File No. 69HI-CR-08-639



Lori Swanson, Attorney General, St. Paul, Minnesota; and


Melanie S. Ford, St. Louis County Attorney, Duluth, Minnesota, Jeffrey M. Vlatkovich, Assistant County Attorney, Hibbing, Minnesota (for respondent)


David W. Merchant, Chief Appellate Public Defender, Susan J. Andrews, Assistant Public Defender, St. Paul, Minnesota (for appellant)


            Considered and decided by Shumaker, Presiding Judge; Larkin, Judge; and Bjorkman, Judge. 




U N P U B L I S H E D   O P I N I O N


            The appellant challenges the district court’s denial of his motion to suppress evidence obtained from his residence through the execution of an anticipatory search warrant, claiming that the warrant was void because the triggering condition was not met.  Because the district court did not err in concluding that the warrant was supported by probable cause, we affirm.


            We are asked to decide whether an anticipatory search warrant became void—rendering a search illegal—when the probable-cause condition stated in the warrant was not fulfilled precisely.  The district court held that the warrant remained valid despite less-than-perfect compliance with the condition.

            On June 1, 2008, law-enforcement members of the Boundary Waters Drug Task Force executed a search warrant at 317 9th Street in Chisholm, the residence of appellant Timothy Allan Hansen, and found drugs, guns, and money allegedly obtained through sales of drugs.

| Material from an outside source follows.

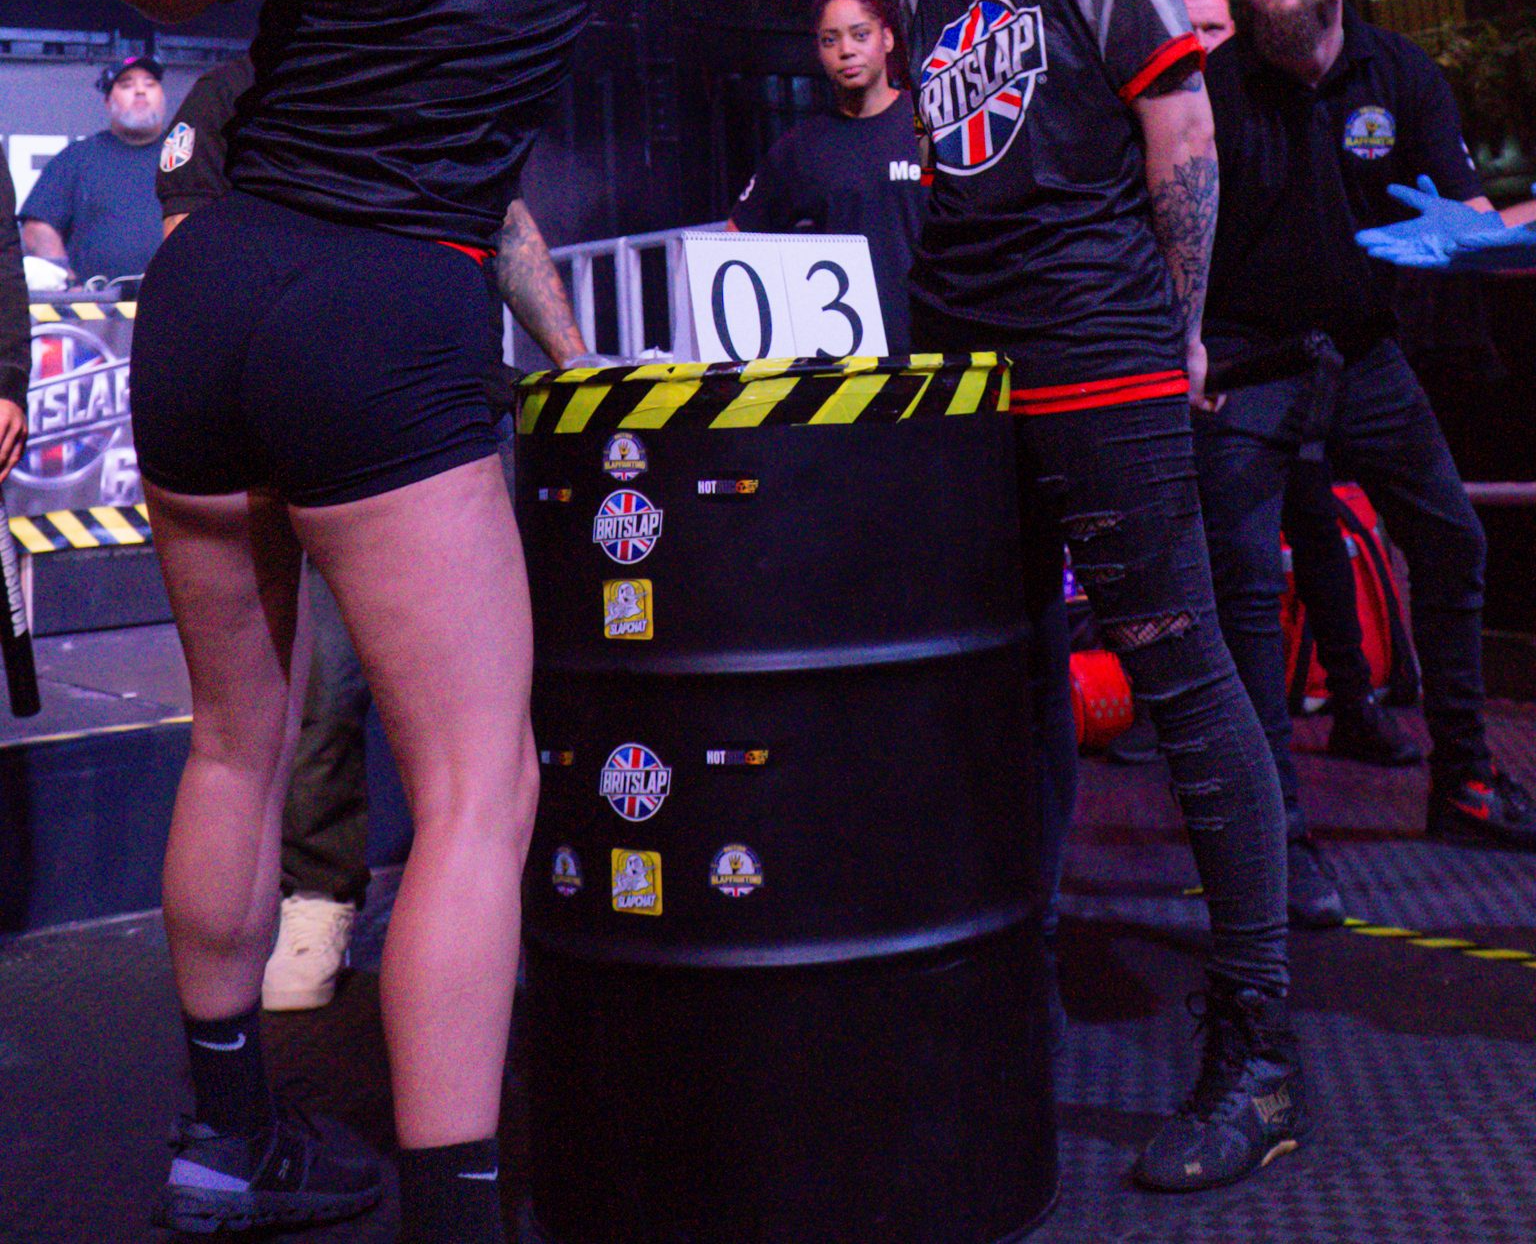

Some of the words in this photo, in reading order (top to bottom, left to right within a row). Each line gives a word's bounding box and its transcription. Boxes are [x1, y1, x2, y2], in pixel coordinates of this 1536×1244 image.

[919, 12, 1035, 129] RITSLAP
[595, 513, 660, 540] BRITSLAP
[609, 619, 648, 636] SLAPCHAT
[602, 770, 667, 794] BRITSLAP

            The warrant was premised on a series of controlled drug buys, three of which followed an identical pattern.  For all of the buys, the police used the same informant.  Before each transaction, the police searched the informant and his vehicle to ensure that he had no drugs.  They then outfitted the informant with a transmitter to record conversations and they gave him pre-recorded money for the purchase.  The informant then contacted Deann Buncich, determined that she could obtain methamphetamine for him, went to her residence, and gave the money to her.

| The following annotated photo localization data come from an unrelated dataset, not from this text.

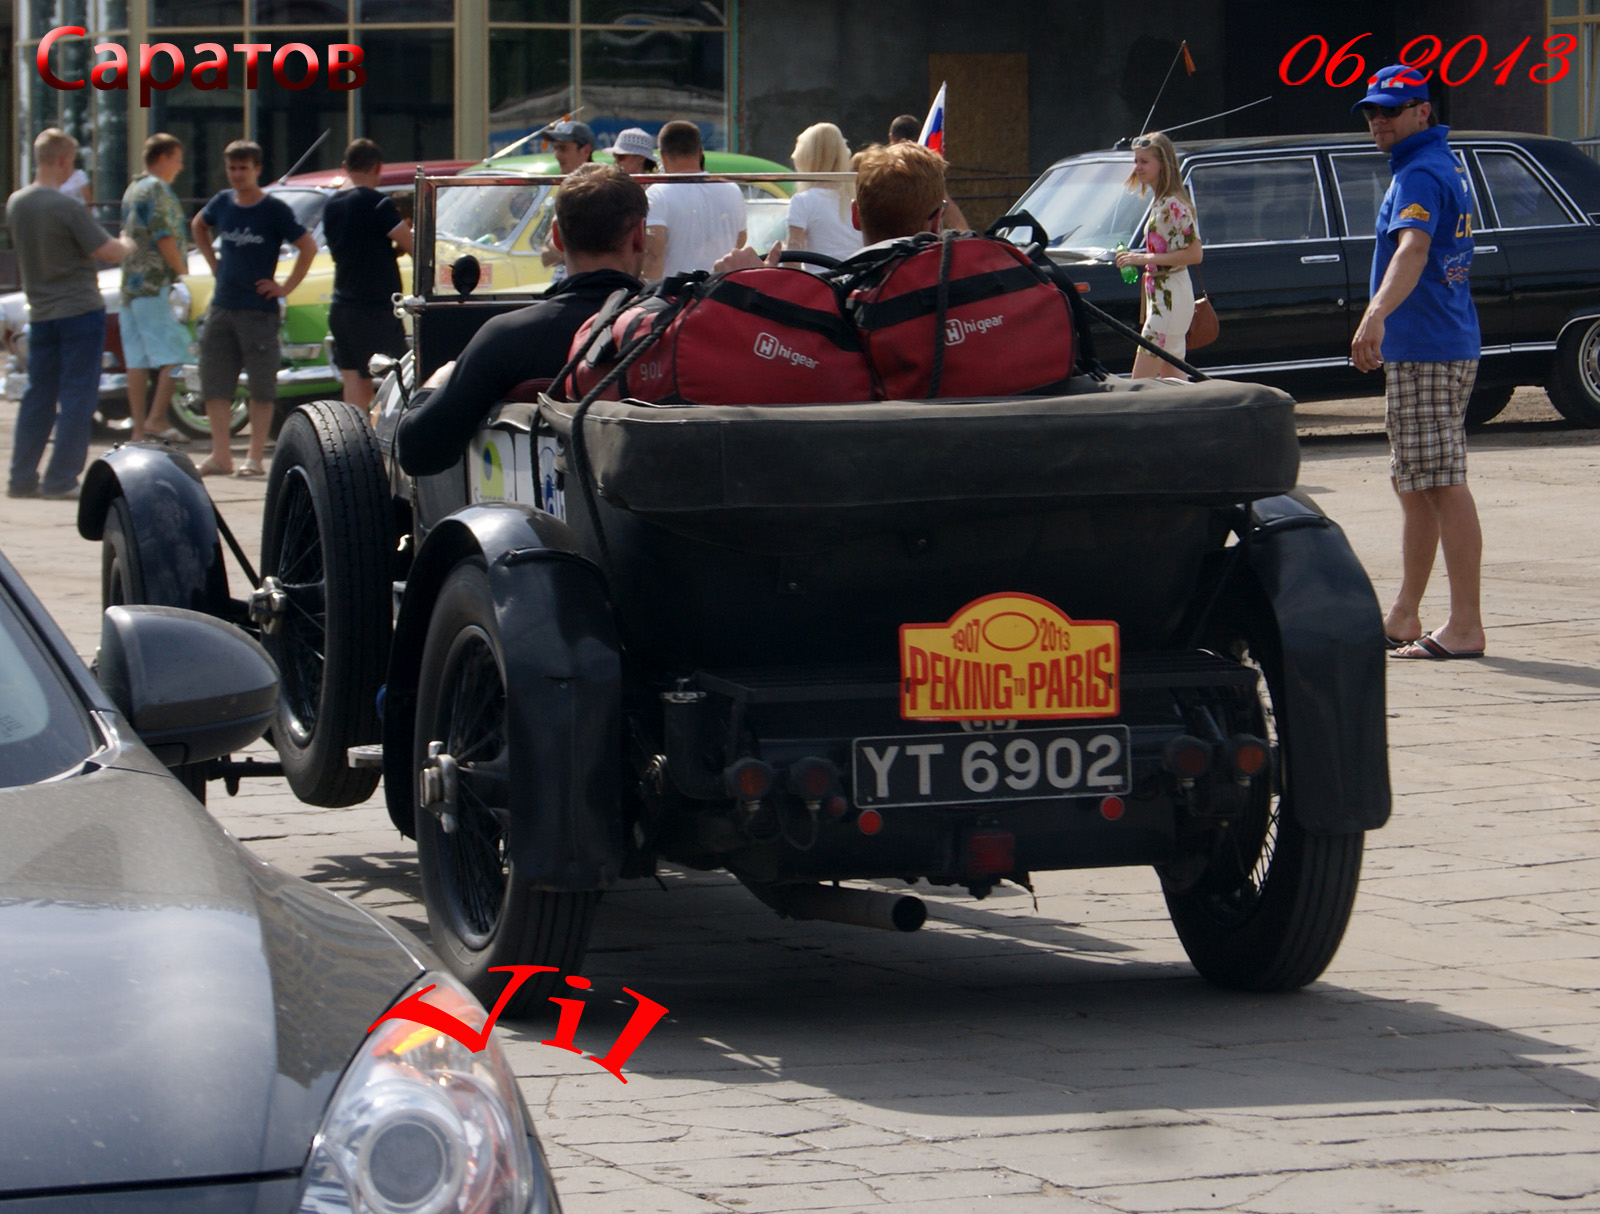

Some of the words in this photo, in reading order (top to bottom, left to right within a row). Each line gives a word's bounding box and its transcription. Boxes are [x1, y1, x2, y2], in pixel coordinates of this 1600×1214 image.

[951, 618, 980, 653] 1907
[1039, 617, 1071, 652] 2013
[908, 645, 1013, 711] PEKING
[1027, 642, 1112, 709] PARIS
[862, 743, 945, 798] YT
[961, 734, 1124, 793] 6902

            After Buncich received the money, she drove to Hansen’s home, obtained the drugs, and then delivered them to the informant.  The police conducted a surveillance of the observable conduct of the informant and Buncich, and they followed and photographed Buncich as she drove to and from Hansen’s residence.  At the conclusion of each buy, the police tested the substance the informant purchased and it tested positive for methamphetamine.  The three drug buys that fit this pattern occurred respectively on May 7, 8, and 12, 2008.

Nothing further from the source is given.